Bakteriler de çevrelerini tanırlar. Bazı ortamlarda etkinliklerini durdururlar. Çoğalmazlar. Beklerler. Ve koşullar iyice kötü ise, tohuma (spora) kaçarlar ve bazan yüzlerce yıl uygun koşulların oluşmasını beklerler. Bazı ortamlarda ise şımarırlar. Sere serpe yayılır ve hızla çogalırlar.

Bakterilerde ve atom ve moleküllerde bilinçden bahsedebilir miyiz?

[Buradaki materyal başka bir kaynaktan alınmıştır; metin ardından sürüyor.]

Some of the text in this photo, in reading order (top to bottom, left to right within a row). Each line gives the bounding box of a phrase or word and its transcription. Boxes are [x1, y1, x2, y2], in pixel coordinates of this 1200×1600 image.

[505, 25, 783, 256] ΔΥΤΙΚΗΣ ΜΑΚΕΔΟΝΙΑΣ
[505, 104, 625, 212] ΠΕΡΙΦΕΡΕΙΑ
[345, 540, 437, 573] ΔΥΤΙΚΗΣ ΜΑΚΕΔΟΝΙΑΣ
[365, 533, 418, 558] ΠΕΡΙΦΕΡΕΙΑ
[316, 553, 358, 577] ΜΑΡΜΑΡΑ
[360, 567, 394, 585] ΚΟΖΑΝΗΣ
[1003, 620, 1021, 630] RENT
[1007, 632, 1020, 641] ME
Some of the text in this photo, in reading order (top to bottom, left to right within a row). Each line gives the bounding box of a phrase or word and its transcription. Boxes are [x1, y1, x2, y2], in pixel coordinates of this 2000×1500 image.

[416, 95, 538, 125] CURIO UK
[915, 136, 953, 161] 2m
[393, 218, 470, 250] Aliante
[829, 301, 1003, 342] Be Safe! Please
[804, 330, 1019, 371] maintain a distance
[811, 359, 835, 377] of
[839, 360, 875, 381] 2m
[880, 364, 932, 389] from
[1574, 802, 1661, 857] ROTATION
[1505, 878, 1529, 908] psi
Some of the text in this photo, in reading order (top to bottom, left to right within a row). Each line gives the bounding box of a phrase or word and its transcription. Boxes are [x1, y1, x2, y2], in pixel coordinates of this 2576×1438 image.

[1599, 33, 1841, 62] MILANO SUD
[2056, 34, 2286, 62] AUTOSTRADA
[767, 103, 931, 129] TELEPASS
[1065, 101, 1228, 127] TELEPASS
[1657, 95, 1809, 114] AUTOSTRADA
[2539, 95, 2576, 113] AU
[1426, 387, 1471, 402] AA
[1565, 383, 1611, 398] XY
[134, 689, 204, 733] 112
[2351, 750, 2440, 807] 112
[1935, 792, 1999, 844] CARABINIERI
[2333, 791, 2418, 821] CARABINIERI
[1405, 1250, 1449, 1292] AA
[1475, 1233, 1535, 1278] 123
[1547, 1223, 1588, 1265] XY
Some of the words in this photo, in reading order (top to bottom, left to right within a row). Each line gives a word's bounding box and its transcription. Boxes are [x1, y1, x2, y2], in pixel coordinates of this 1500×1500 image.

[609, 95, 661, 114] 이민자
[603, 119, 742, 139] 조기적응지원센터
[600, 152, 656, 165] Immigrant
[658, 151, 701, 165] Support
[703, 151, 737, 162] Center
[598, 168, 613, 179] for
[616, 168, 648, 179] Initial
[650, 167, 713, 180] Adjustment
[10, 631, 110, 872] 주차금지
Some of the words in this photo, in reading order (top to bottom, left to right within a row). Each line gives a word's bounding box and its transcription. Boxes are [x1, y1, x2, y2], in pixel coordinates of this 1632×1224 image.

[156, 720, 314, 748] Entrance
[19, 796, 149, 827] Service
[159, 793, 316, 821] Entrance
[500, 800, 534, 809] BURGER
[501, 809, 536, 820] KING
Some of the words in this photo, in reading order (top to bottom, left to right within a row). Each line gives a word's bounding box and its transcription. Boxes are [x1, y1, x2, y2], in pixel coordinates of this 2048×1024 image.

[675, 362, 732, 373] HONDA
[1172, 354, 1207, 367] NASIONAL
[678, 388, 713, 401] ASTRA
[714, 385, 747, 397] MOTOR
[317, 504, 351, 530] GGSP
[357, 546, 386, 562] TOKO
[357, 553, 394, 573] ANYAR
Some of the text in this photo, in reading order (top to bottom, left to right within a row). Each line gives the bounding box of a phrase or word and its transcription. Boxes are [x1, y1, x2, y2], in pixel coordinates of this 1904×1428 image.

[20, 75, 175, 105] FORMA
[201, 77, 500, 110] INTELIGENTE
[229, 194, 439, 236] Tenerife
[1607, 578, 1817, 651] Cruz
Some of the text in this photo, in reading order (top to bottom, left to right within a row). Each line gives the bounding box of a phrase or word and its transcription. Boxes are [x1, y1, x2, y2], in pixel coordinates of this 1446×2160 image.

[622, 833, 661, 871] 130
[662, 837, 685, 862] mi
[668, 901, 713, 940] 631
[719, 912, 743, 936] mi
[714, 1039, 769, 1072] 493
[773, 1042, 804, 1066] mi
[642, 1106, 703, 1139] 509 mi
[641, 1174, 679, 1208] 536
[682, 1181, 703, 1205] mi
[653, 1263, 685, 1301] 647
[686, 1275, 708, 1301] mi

Biz bilinç teriminden çevrenin farkında olmayı kastediyoruz.

Bu bilincin en yalın tanımıdır.

İnsanda uyanıklıktan ve bilinçli olarak çevrenin farkında olmaktan ilginç olarak korteks sorumlu değildir. Korteks sadece kendisine gönderilen uyarılar aracılığı ile çevrenin farkına varmaktadır.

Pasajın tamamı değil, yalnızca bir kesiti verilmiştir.